---- Provided data

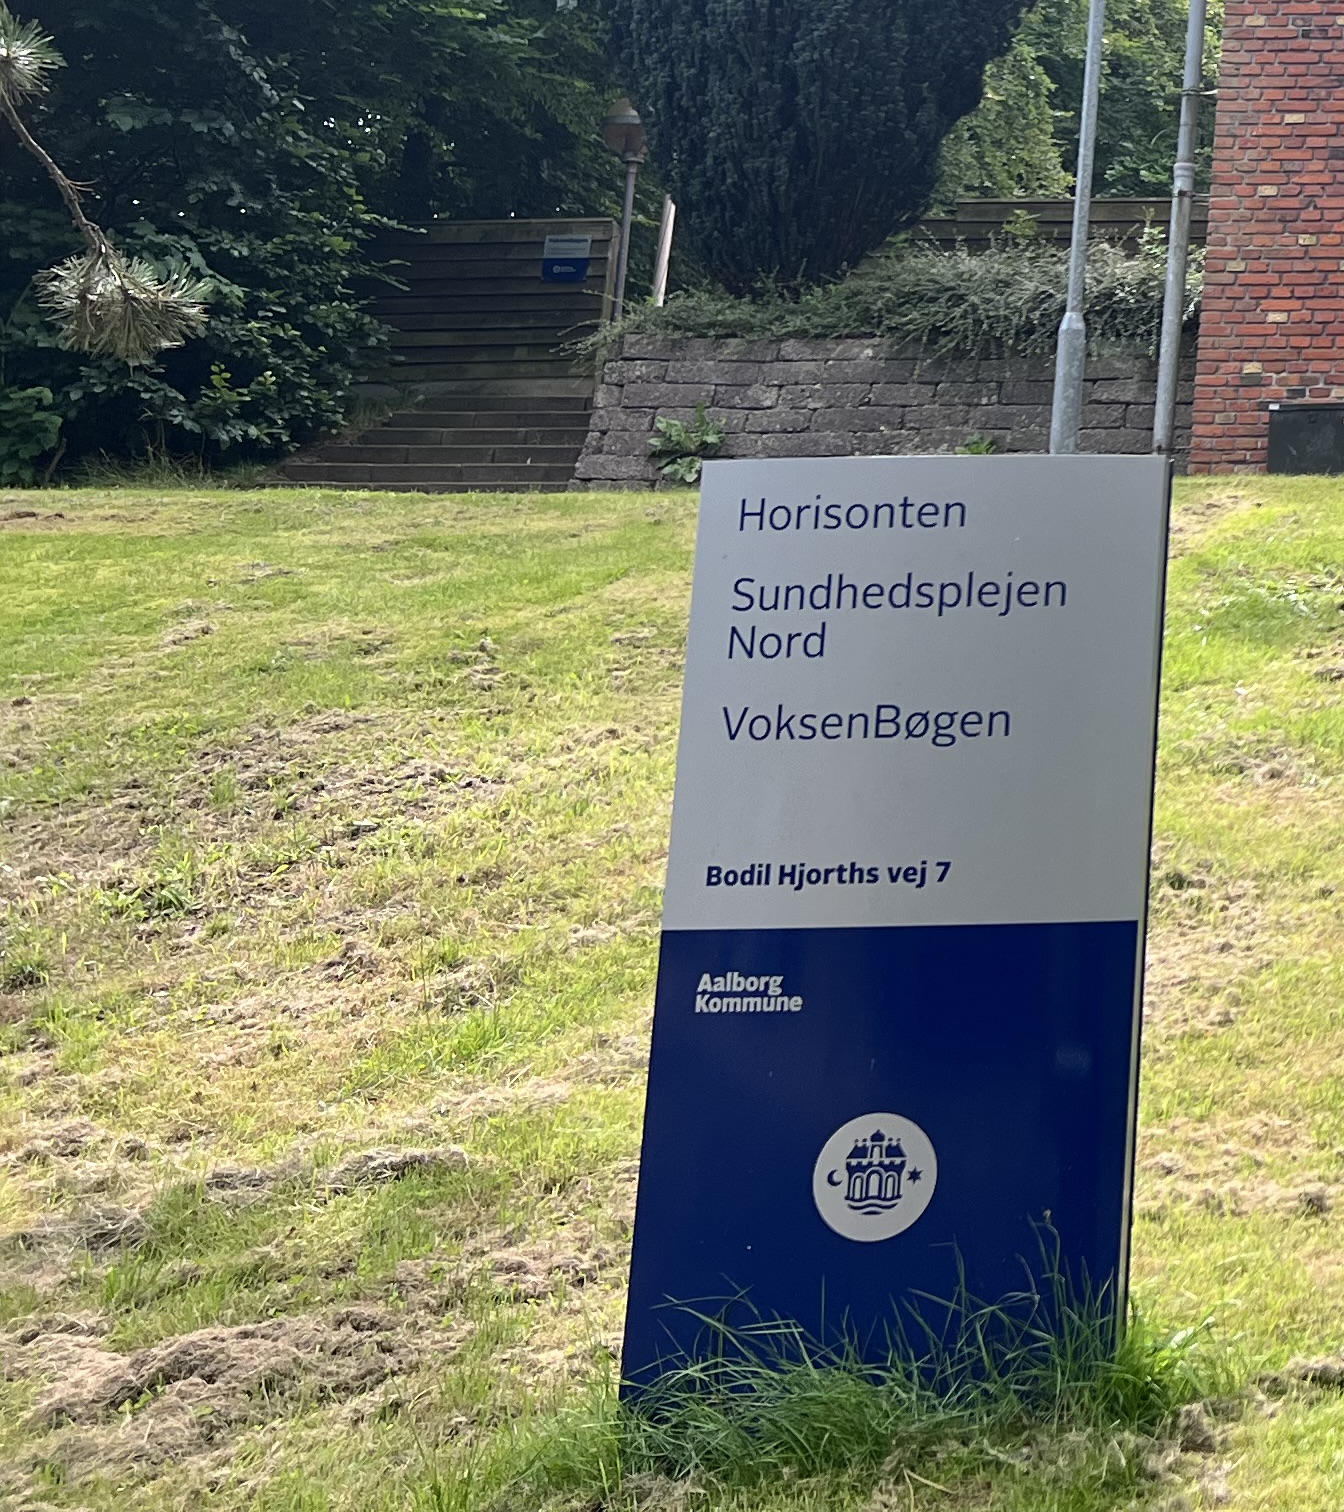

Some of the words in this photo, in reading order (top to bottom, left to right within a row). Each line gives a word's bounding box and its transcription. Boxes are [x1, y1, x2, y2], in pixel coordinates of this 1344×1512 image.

[739, 494, 967, 532] Horisonten
[731, 571, 1068, 618] Sundhedsplejen
[727, 621, 827, 660] Nord
[722, 702, 1012, 748] VoksenBøgen
[705, 863, 772, 887] Bodil
[778, 861, 880, 892] Hjorths
[887, 859, 928, 889] vej
[935, 860, 952, 884] 7
[697, 971, 784, 996] Aalborg
[694, 994, 803, 1014] Kommune
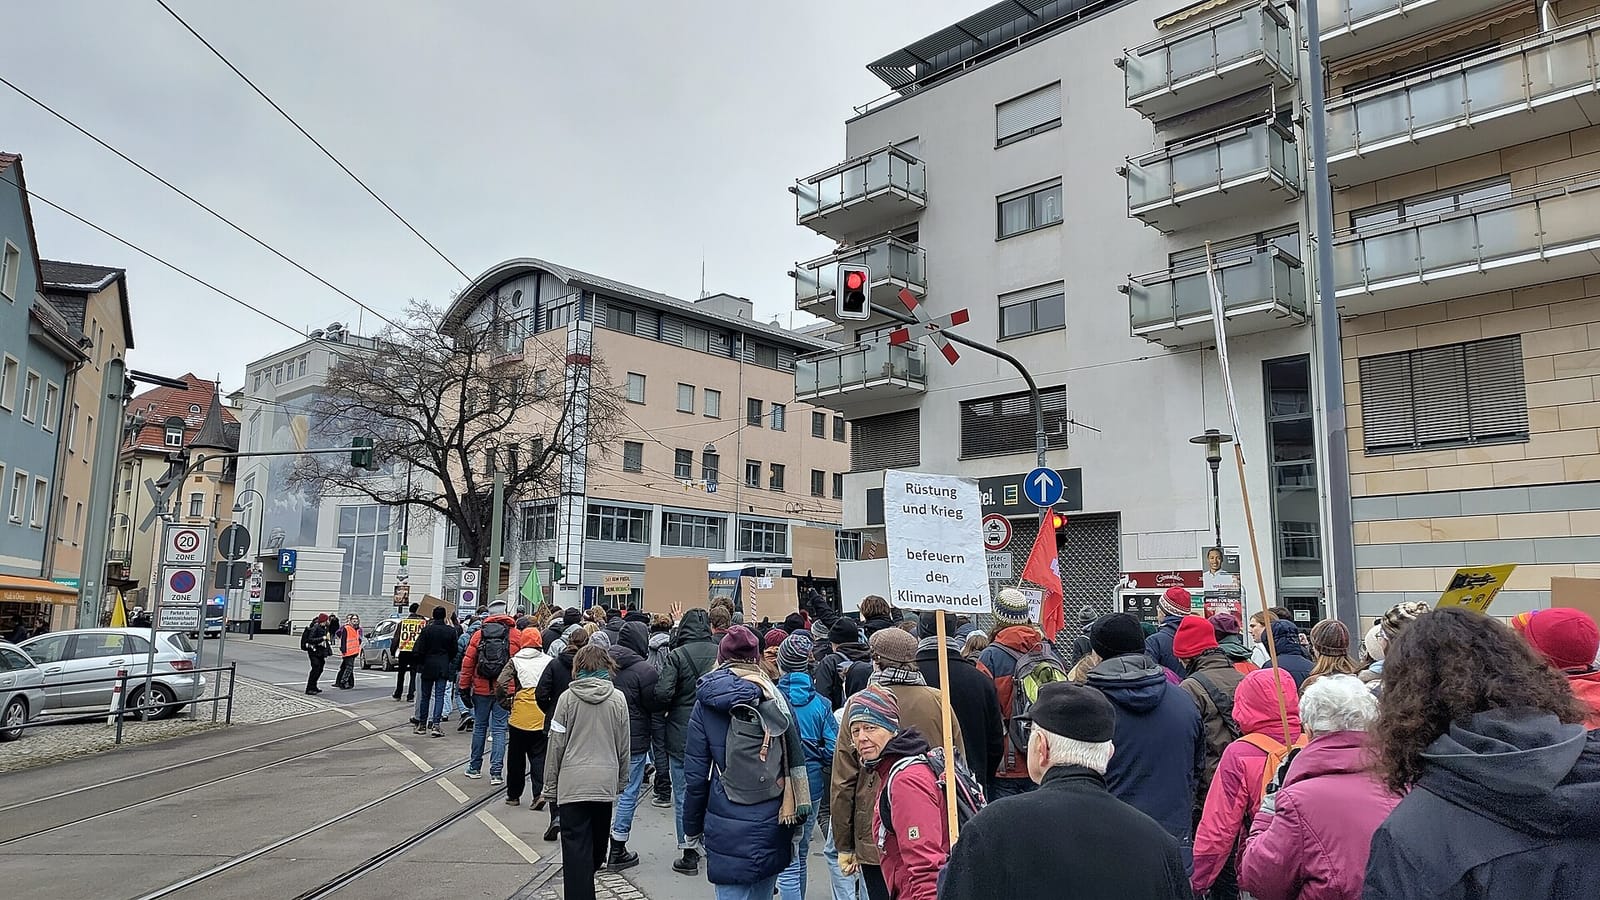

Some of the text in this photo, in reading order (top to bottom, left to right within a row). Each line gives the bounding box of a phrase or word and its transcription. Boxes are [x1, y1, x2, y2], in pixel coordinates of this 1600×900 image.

[905, 482, 957, 500] Rüstung
[903, 504, 964, 520] und Krieg
[179, 536, 194, 548] 20
[906, 548, 965, 564] befeuern
[926, 571, 949, 584] den
[897, 589, 983, 607] Klimawandel
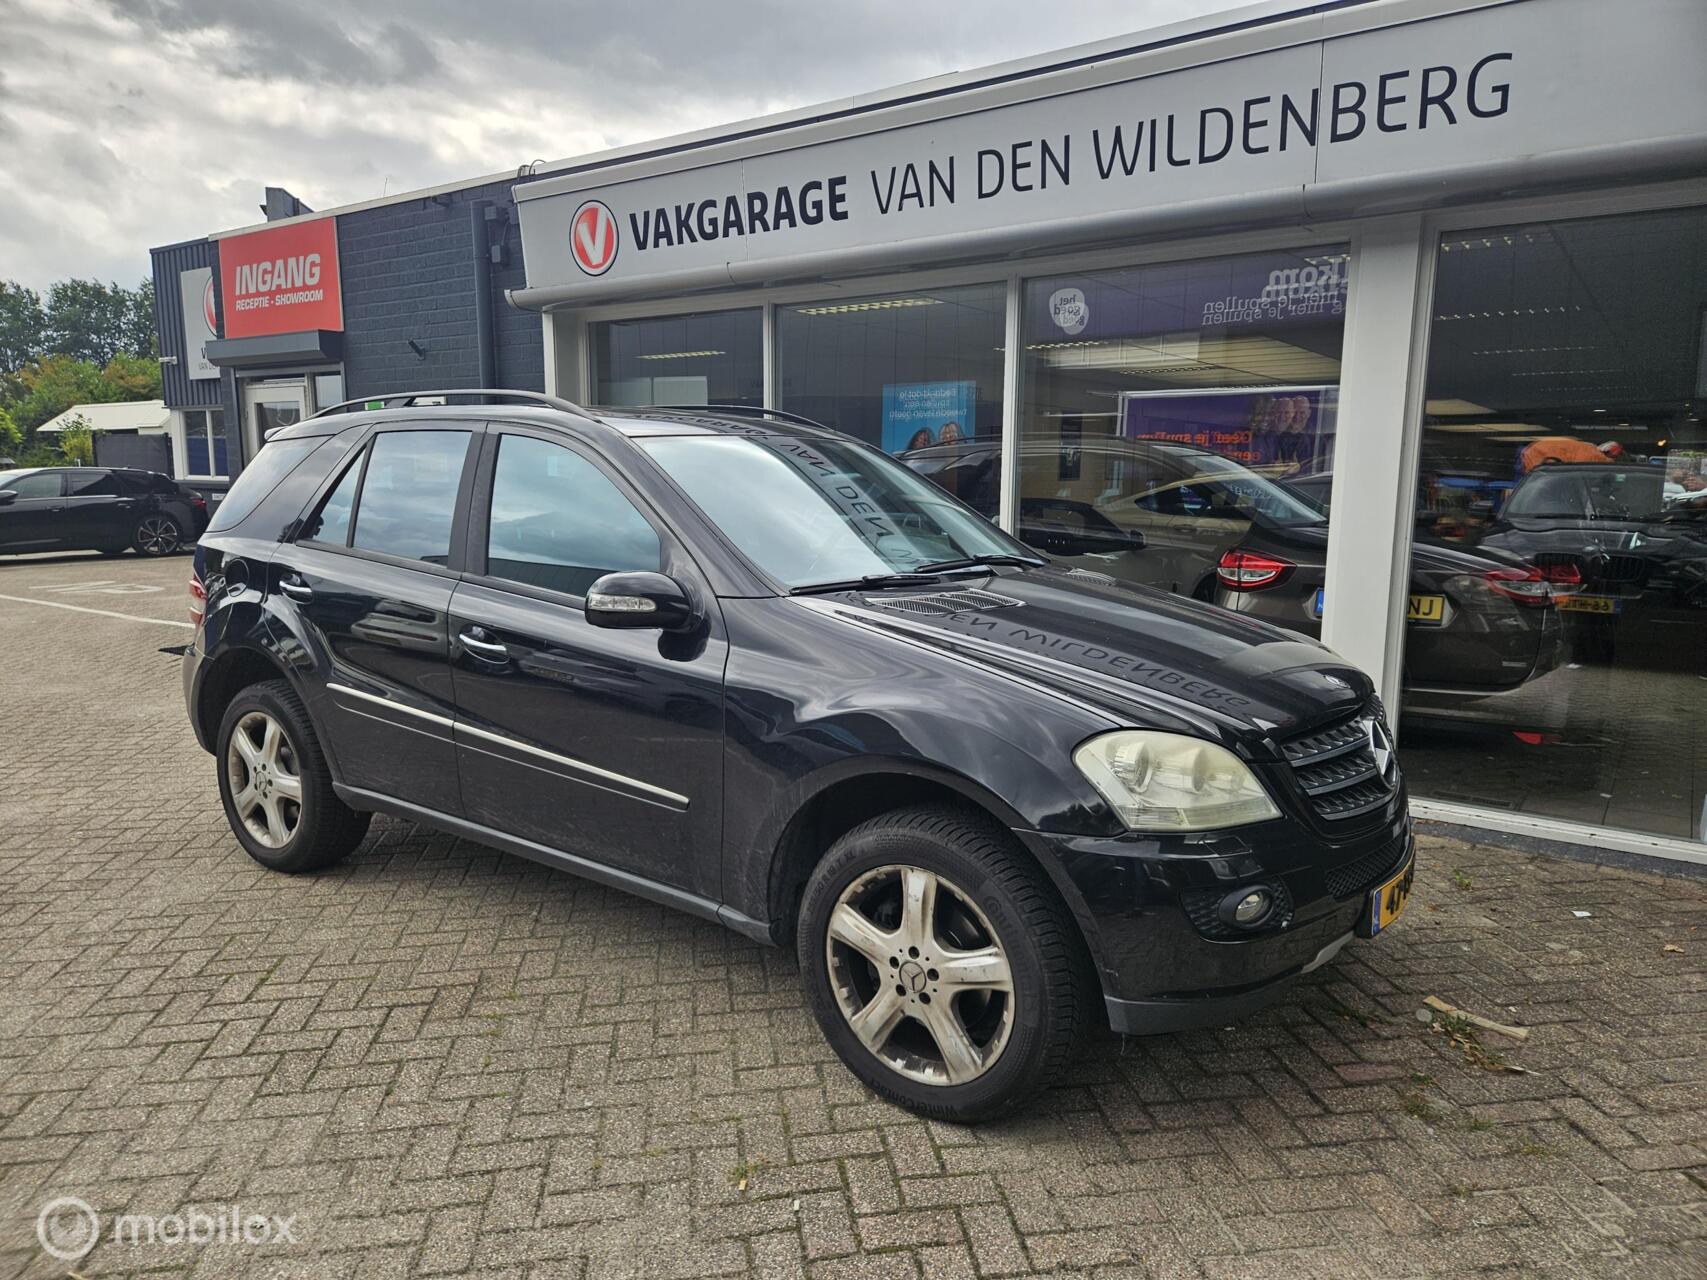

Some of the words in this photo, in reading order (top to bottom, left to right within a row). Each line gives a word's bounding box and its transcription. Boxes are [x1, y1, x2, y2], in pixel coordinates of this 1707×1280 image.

[629, 176, 849, 251] VAKGARAGE
[871, 155, 956, 215] VAN
[977, 135, 1071, 200] DEN
[1093, 52, 1513, 180] WILDENBERG
[235, 253, 321, 295] INGANG
[235, 297, 269, 311] RECEPTIE
[275, 290, 323, 305] SHOWROOM

--------

## Task description
Transcribe every line of the records exactly. Pictures do not belong in the copy.

## Answer space
Some of the words in this photo, in reading order (top to bottom, left to right within a row). Each line gives a word's bounding box and its transcription. Boxes are [x1, y1, x2, y2], in pixel coordinates of this 1344×1512 image.

[739, 494, 967, 532] Horisonten
[731, 571, 1068, 618] Sundhedsplejen
[727, 621, 827, 660] Nord
[722, 702, 1012, 748] VoksenBøgen
[705, 863, 772, 887] Bodil
[778, 861, 880, 892] Hjorths
[887, 859, 928, 889] vej
[935, 860, 952, 884] 7
[697, 971, 784, 996] Aalborg
[694, 994, 803, 1014] Kommune

Some of the text in this photo, in reading order (top to bottom, left to right within a row). Each line gives the bounding box of a phrase or word and its transcription. Boxes are [x1, y1, x2, y2], in pixel coordinates of this 1600×900 image.

[905, 482, 957, 500] Rüstung
[903, 504, 964, 520] und Krieg
[179, 536, 194, 548] 20
[906, 548, 965, 564] befeuern
[926, 571, 949, 584] den
[897, 589, 983, 607] Klimawandel

Some of the words in this photo, in reading order (top to bottom, left to right within a row). Each line gives a word's bounding box and its transcription. Boxes are [x1, y1, x2, y2], in pixel coordinates of this 1707×1280 image.

[629, 176, 849, 251] VAKGARAGE
[871, 155, 956, 215] VAN
[977, 135, 1071, 200] DEN
[1093, 52, 1513, 180] WILDENBERG
[235, 253, 321, 295] INGANG
[235, 297, 269, 311] RECEPTIE
[275, 290, 323, 305] SHOWROOM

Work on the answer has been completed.